Disease Enrichment Workflow (v0.5.1+)

Introduced: January 2026 (v0.5.1) - Automatic disease enrichment for missing SRA annotations

Problem Statement

SRA metadata frequently lacks standardized disease fields (70-85% missing). After implementing strict validation (50% minimum coverage), workflows were blocked when disease annotation was insufficient.

Before v0.5.1:

process_metadata_queue(filter_criteria="16S human fecal_stool CRC")
→ ❌ Insufficient disease data: 15% coverage < 50% threshold
→ User stuck with no clear solution

After v0.5.1:

process_metadata_queue(...) → Validation fails
→ metadata_assistant asks supervisor for permission
→ enrich_samples_with_disease (4-phase hierarchy)
→ 15% → 90% coverage improvement
→ Re-validation passes → workflow continues

Tool: enrich_samples_with_disease()

Location: lobster/agents/metadata_assistant/ (lines 3013-3238)

Signature:

@tool
def enrich_samples_with_disease(
    workspace_key: str,
    enrichment_mode: str = "hybrid",
    manual_mappings: Optional[str] = None,
    confidence_threshold: float = 0.8,
    auto_retry_validation: bool = True,
    dry_run: bool = False
) -> str:
    """
    Enrich samples with missing disease annotation using 4-phase hierarchy.

    Args:
        workspace_key: Metadata key (e.g., "aggregated_filtered_samples")
        enrichment_mode: "column_scan", "llm_auto", "manual", "hybrid" (default)
        manual_mappings: JSON string {"pub_id": "disease"}
        confidence_threshold: Min LLM confidence (0.0-1.0), default 0.8
        auto_retry_validation: Re-validate after enrichment (default True)
        dry_run: Preview without saving (default False)
    """

4-Phase Enrichment Hierarchy

Phase 1: Column Re-scan (Deterministic, 0 LLM calls)

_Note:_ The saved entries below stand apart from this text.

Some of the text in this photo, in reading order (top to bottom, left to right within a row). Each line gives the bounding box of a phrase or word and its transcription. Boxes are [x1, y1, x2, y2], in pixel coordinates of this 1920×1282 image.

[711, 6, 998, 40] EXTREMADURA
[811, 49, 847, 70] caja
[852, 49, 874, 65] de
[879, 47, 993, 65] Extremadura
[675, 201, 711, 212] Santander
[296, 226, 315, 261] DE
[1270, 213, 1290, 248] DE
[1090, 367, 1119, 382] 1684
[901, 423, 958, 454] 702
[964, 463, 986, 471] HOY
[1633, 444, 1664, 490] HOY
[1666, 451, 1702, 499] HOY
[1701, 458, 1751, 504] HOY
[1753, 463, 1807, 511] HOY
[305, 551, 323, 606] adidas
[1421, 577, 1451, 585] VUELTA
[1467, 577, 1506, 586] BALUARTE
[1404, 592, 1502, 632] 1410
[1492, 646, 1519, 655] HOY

  • Scans ALL dataset columns for missed disease keywords
  • Checks alternative fields: ibd_diagnosis_refined, clinical_condition, phenotype_detail
  • Expected improvement: +5-10% coverage
  • Cost: $0, Time: <1s

Phase 2: LLM Abstract Extraction (Probabilistic, 1 LLM call/publication)

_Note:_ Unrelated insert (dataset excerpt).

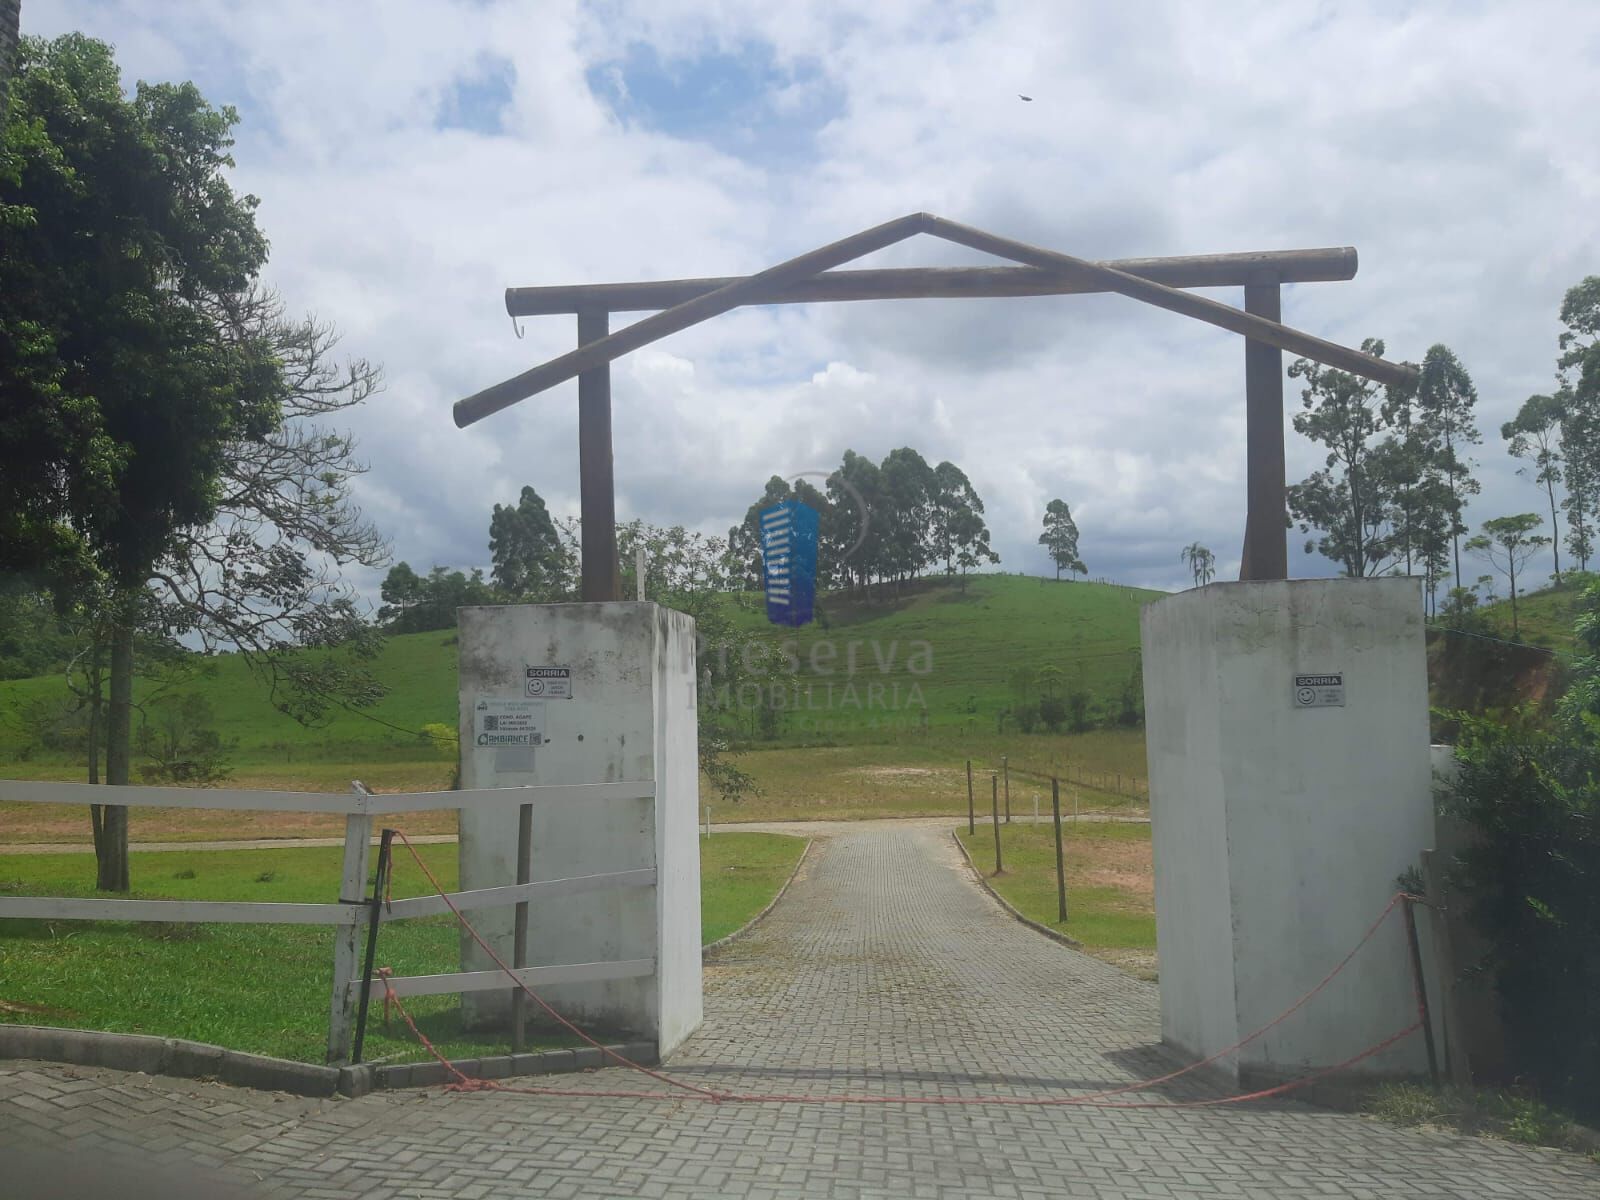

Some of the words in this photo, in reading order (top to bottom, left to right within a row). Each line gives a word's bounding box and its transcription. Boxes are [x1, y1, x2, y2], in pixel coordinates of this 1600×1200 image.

[529, 669, 567, 677] SORRIA
[1298, 677, 1338, 686] SORRIA
[488, 735, 529, 743] AMBIANCE

  • Groups samples by publication (efficient batching)
  • Extracts disease from cached publication abstracts
  • Uses structured LLM prompt with confidence scoring
  • Expected improvement: +30-60% coverage
  • Cost: ~$0.003/publication, Time: ~2s/publication

Phase 3: LLM Methods Extraction (Detailed, triggered if still <50%)

  • Extracts from methods section cohort descriptions
  • More detailed than abstract (explicit inclusion criteria)
  • Only runs if Phase 2 insufficient
  • Expected improvement: +10-20% coverage
  • Cost: ~$0.004/publication, Time: ~2s/publication

Phase 4: Manual Mappings (Fallback, 100% accuracy)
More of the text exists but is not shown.